The way I think of customer journeys. The Canadian Rockies, from a holiday in 2016.

Let me bring this to life with a true story:

I love many things about the coffee shop on the way to the train station. The coffee tastes great, they sometimes recall what I want before I order it, they have a loyalty scheme which I don’t understand but which means my coffee seems to get cheaper each time I go. What’s not to like?

Unfortunately for me, a fundamental part of the customer journey is not to like…

This wonderful coffee shop has decided to use a data-capture system whereby it is impossible to order a coffee without giving them your email address every time. It’s not an opt-out system (or so the guy behind the counter has been told – let’s call him ‘John’).

Picture the scene, it’s 7am, I need to get on the 7.14am train, but I really want an Americano (black, with hot whole milk). I’m second in the queue and I get my order in. John remembers my order but not my email address. I have to awkwardly spell out my email address phonetically. I ask if we can please skip this step. John always says no, it will only take a minute. It’s a small part of my day but it’s painful. I mean, who wants to spell out a 31-character email address at 7am!

I’ve now started to vote with my feet, to avoid this pain and pave the way to the shop’s competitors. They serve me coffee quickly with minimal fuss and confusion. It’s not as good coffee, but it’s coffee and that’s the trade-off I’ve made on this occasion.

There are a few important marketing morals to this story:

Don’t prioritise your business’s needs over the consumer’s

The coffee shop wants my data. Maybe they want to have me on their CRM system, they want to understand the frequency of my visits and my average order value – I really hope they are using all of these data points! They even want to send me an email offering me a free coffee when I’ve not been in for a while. It’s all really good stuff; win – win. Textbook marketing: data driving better customer experience and loyalty.

Except it’s not. As a customer in a hurry, I’m just not willing to go through this experience. So I go elsewhere. Coffee is a low involvement purchase and my needs as a consumer have been deprioritised over the coffee shop’s.

Consumers will make a pleasure / pain trade off when choosing your brand

Consumers carefully weigh up the pleasure / pain equation before making any purchase. Complete bargain trousers in sale – pleasure. Queue is too long – pain, leave the shop empty-handed. Online banking is super convenient – pleasure. My bank’s interface is dated and full of bugs – pain, I switch banks.

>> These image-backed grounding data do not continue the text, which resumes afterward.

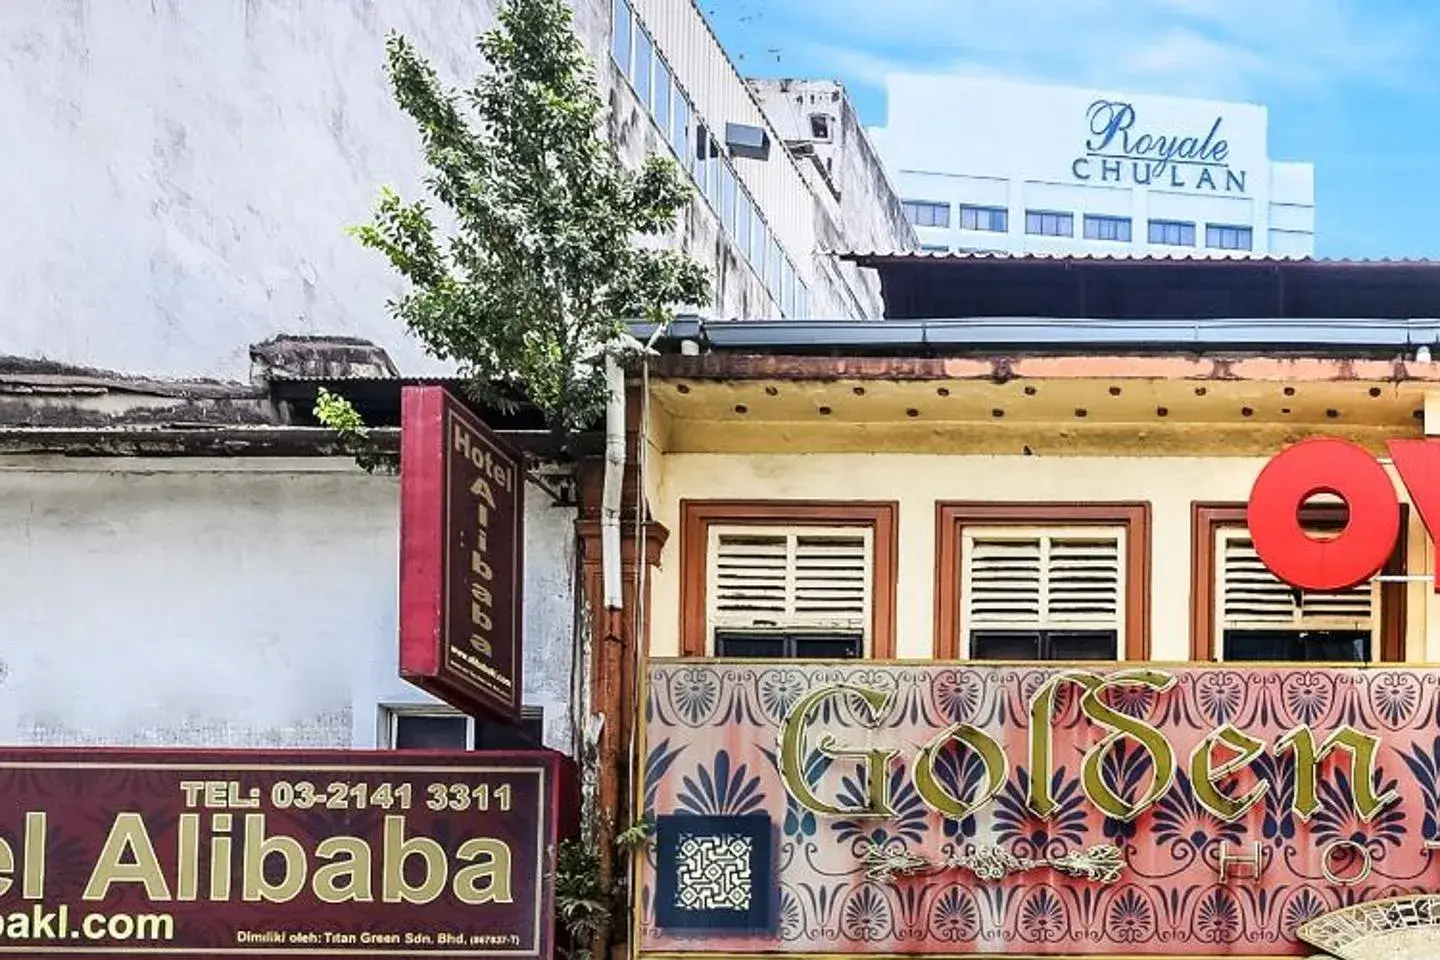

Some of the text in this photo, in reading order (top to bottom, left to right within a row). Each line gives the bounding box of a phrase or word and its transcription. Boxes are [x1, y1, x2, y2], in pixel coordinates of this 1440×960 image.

[1086, 99, 1230, 178] Royale
[1071, 157, 1247, 193] CHULAN
[453, 422, 512, 493] Hotel
[469, 477, 496, 658] Alibaba
[777, 669, 1401, 824] Golden
[180, 781, 513, 811] TEL: 03-2141 3311
[82, 811, 514, 904] Alibaba
[0, 904, 174, 940] akl.com
[325, 931, 356, 944] Titan
[360, 932, 401, 945] Green
[404, 932, 435, 945] Sdn.
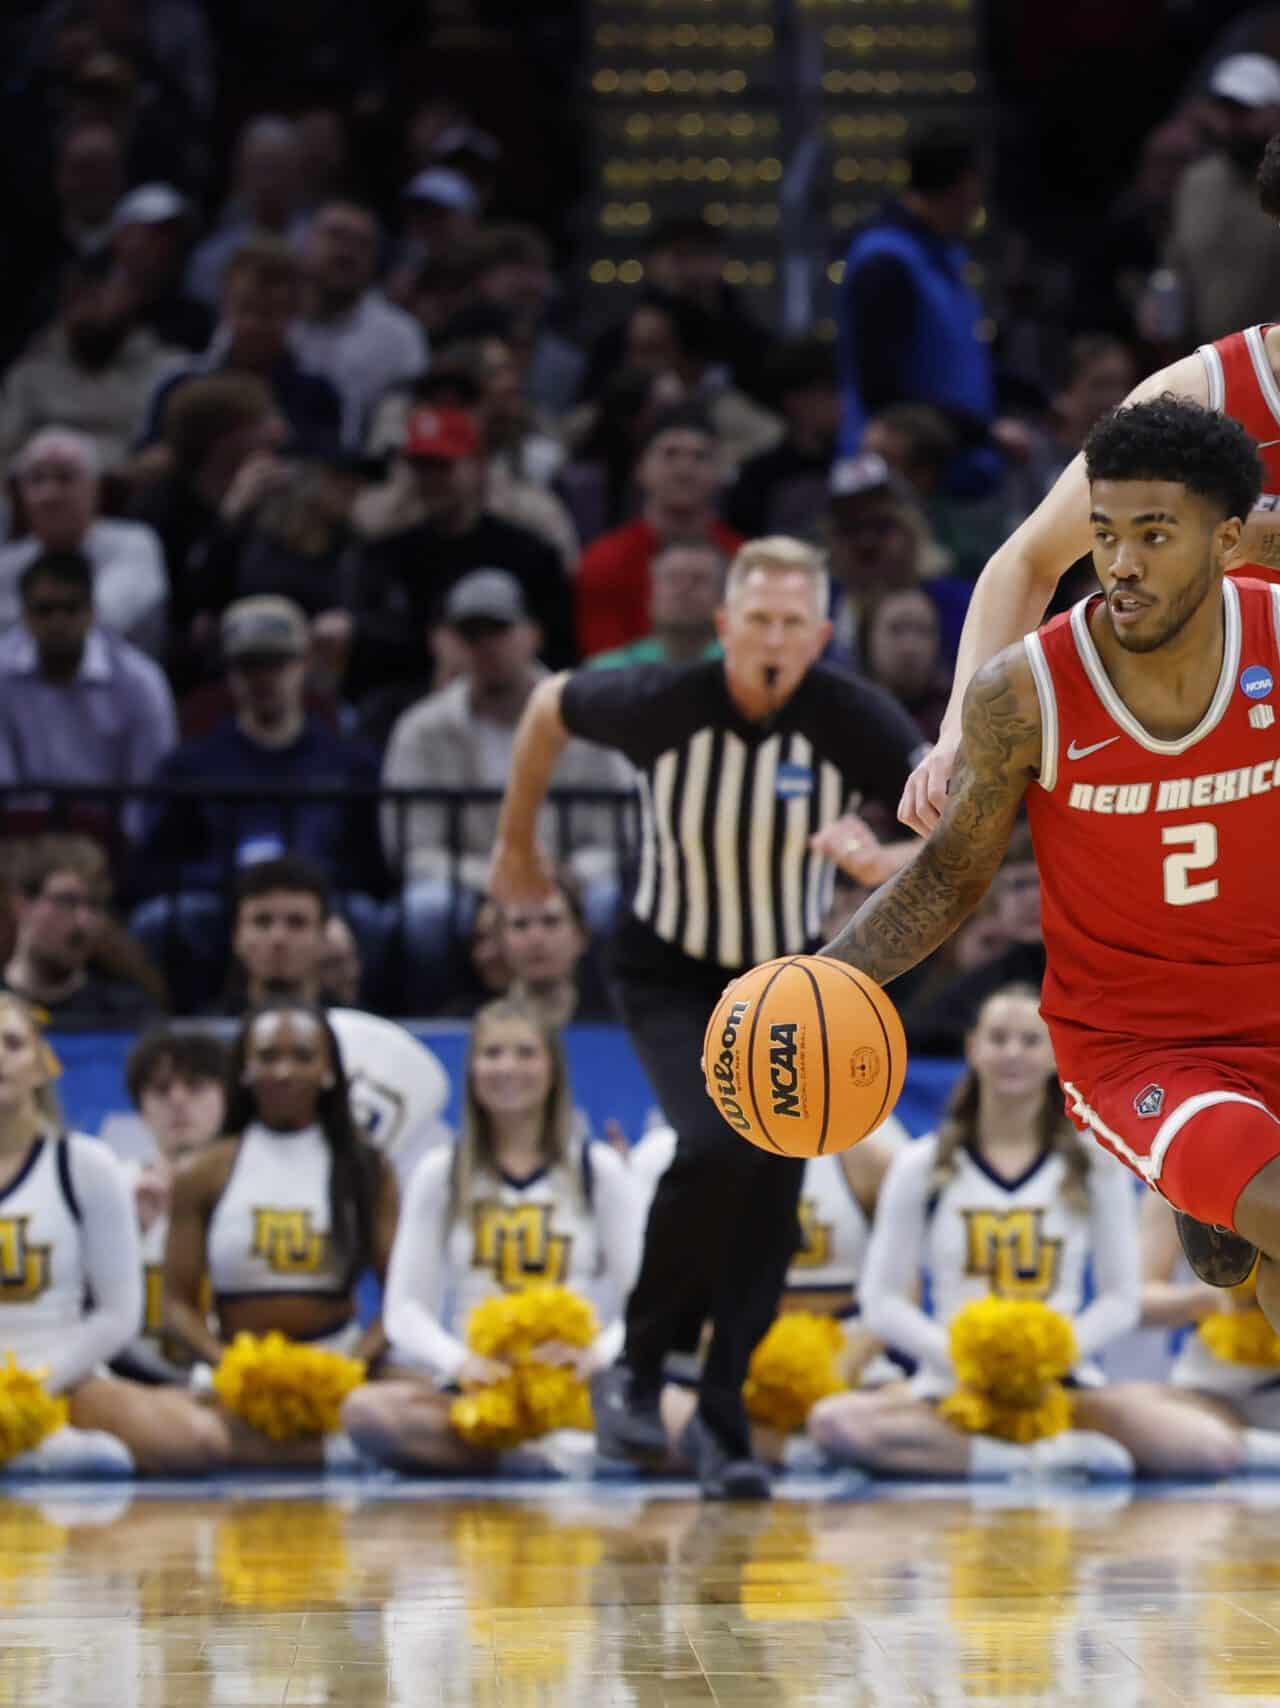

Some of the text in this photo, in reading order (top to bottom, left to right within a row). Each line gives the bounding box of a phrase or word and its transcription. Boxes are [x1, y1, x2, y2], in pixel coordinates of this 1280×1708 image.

[1068, 783, 1153, 815] NEW
[1161, 821, 1219, 906] 2
[713, 1000, 752, 1131] Wilson
[769, 1022, 800, 1119] NCAA
[474, 1203, 571, 1291] MU
[962, 1207, 1063, 1301] MU

Walk a mile in your consumer’s shoes

Understand the context of the consumer at the time they interact with your brand. A 7am coffee mission is going to involve a bleary-eyed consumer in a hurry – in fact, the coffee order may well be the first words they have spoken that day. That’s important context to consider.

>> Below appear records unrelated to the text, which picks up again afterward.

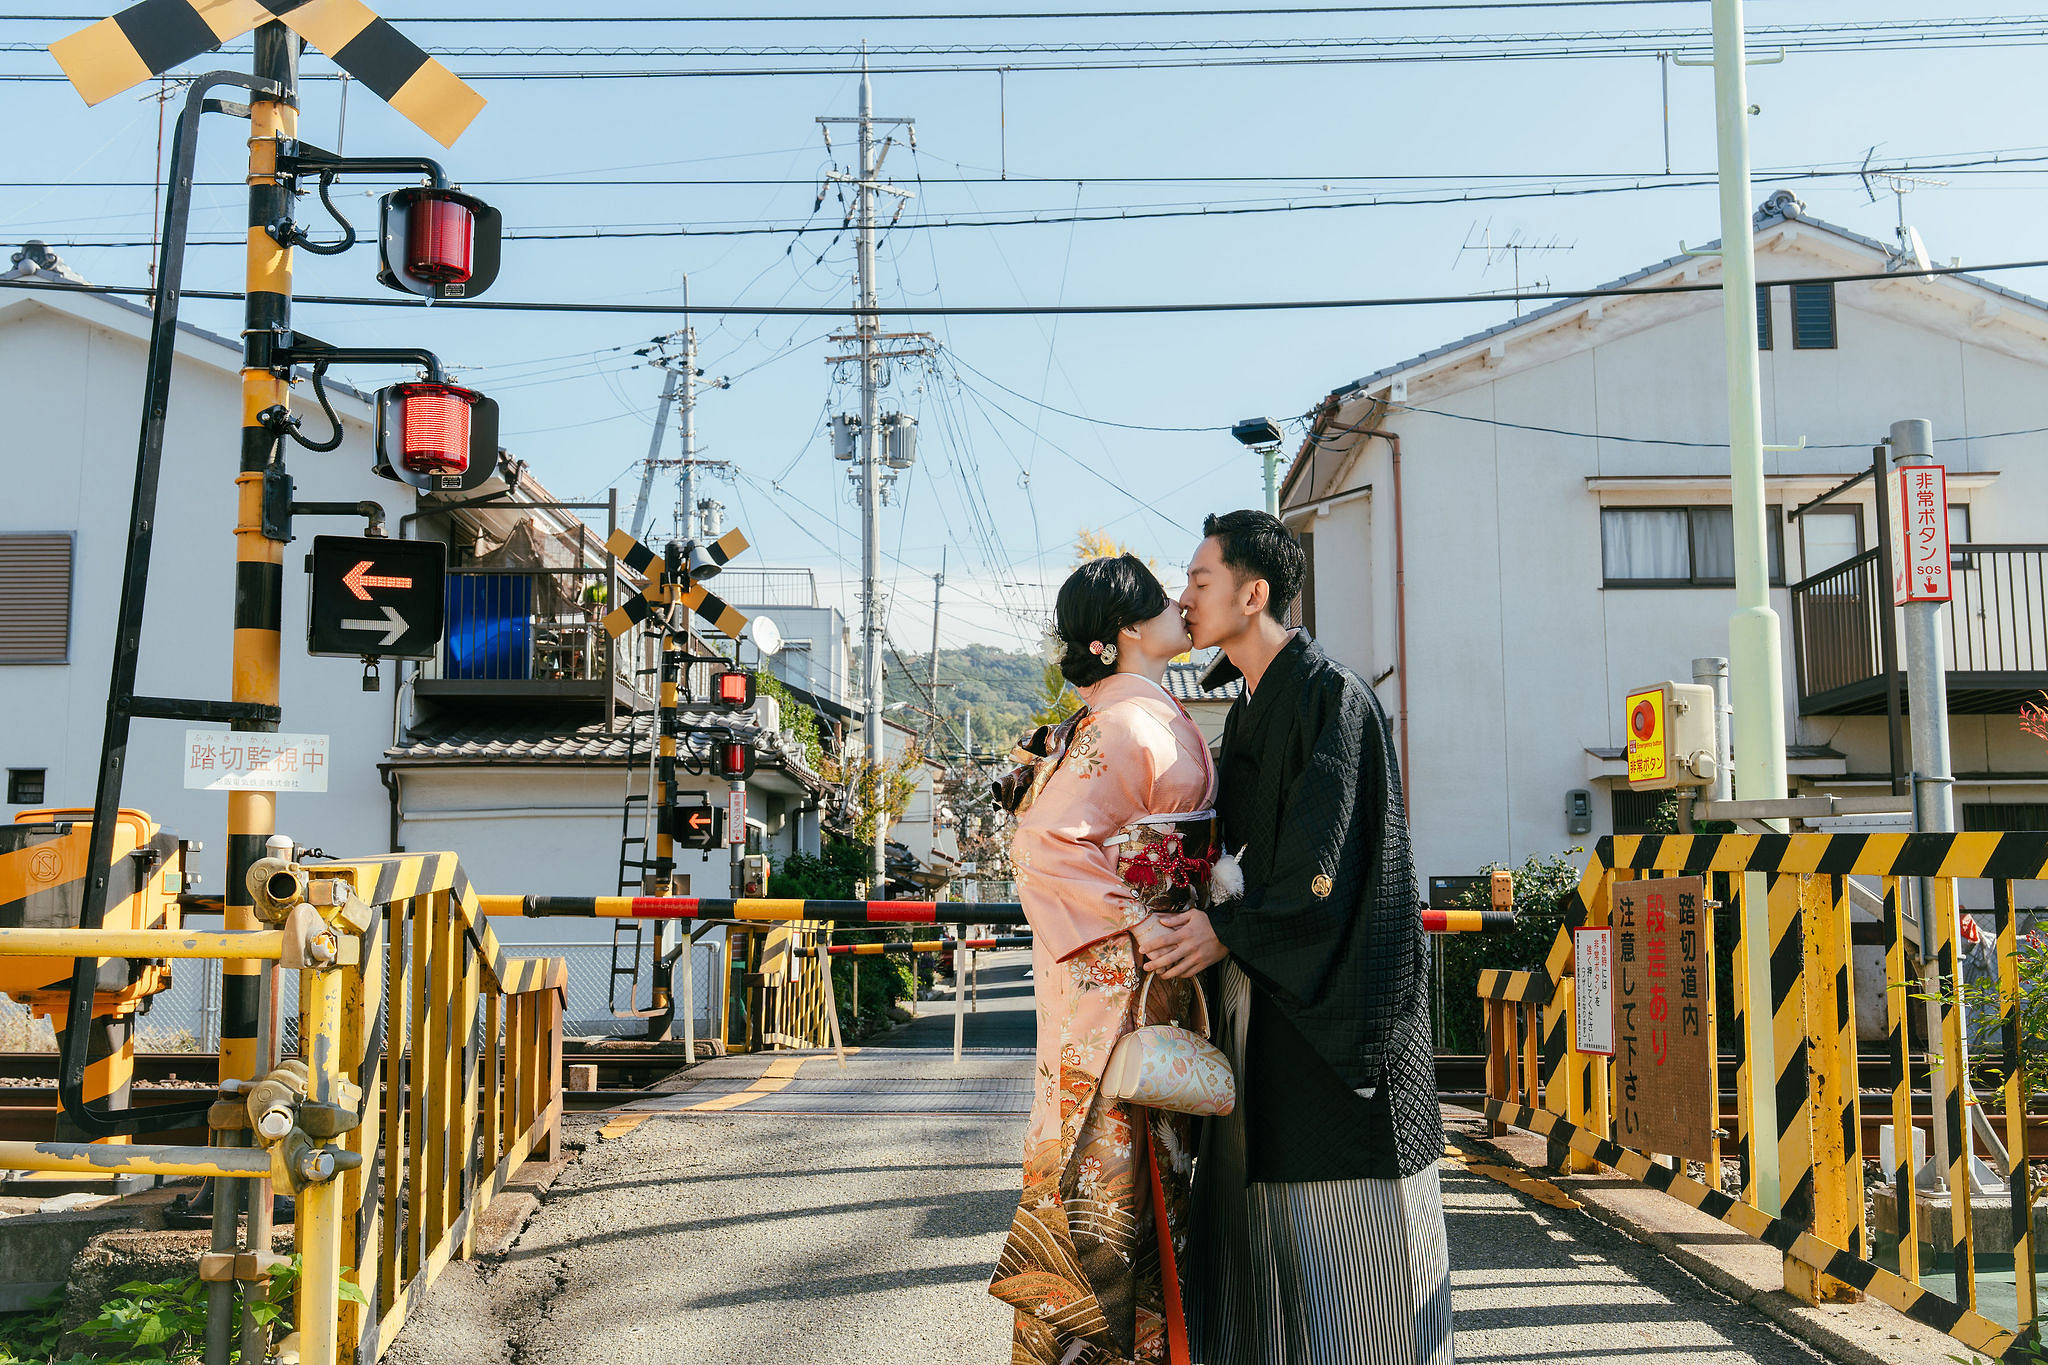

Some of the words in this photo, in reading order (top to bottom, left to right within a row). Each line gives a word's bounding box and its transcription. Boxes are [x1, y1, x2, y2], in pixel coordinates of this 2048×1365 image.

[1916, 472, 1936, 561] 非常ボタン
[1917, 565, 1942, 575] SOS
[190, 743, 324, 773] 踏切監視中
[1629, 757, 1663, 774] 非常ボタン
[1645, 894, 1669, 1066] 段差あり
[1678, 893, 1699, 1036] 踏切道内
[1619, 896, 1639, 1134] 注意して下さい

Encourage your staff to give you feedback on customer journey blips, and even better, empower them to change it intuitively

No customer journey is ideal, and every customer journey could be optimised. Train your front-line staff to give you feedback, rather than follow the rule book 100% of the time. If John was encouraged to give feedback on how the customer journey was working, he almost certainly would have relayed the pained expression on my face combined with my protests. Even better, if he was empowered to change the experience, he would have waived the data capture for me rather than persuading me to comply.

Use your eyes as well as your data

Interestingly, the fancy data capture system hasn’t flagged that I haven’t visited for months, but sometimes when I’m walking past the coffee shop, I see John setting up the outside tables. We sometimes say hi. He never asks me in for a coffee or puts a feeler out for why I no longer visit. What a missed opportunity.

So what?

As a brand owner, company owner or anyone who controls customer experience – take note. A tiny blip in a badly-engineered and under-examined customer journey can be an unnoticed, misunderstood poison which turns people off from your brand and ultimately drives a hole in your profits.

Consumers will naturally avoid pain and go towards pleasure. Work on your customer journey relentlessly to remove the unnecessary pain points in the experience and balance your value equation. Brand loyalty becomes fragile when the experience includes pain points and other options exist. Go back to basics and stay there until you have an experience worth sticking around for. Your profits will thank you.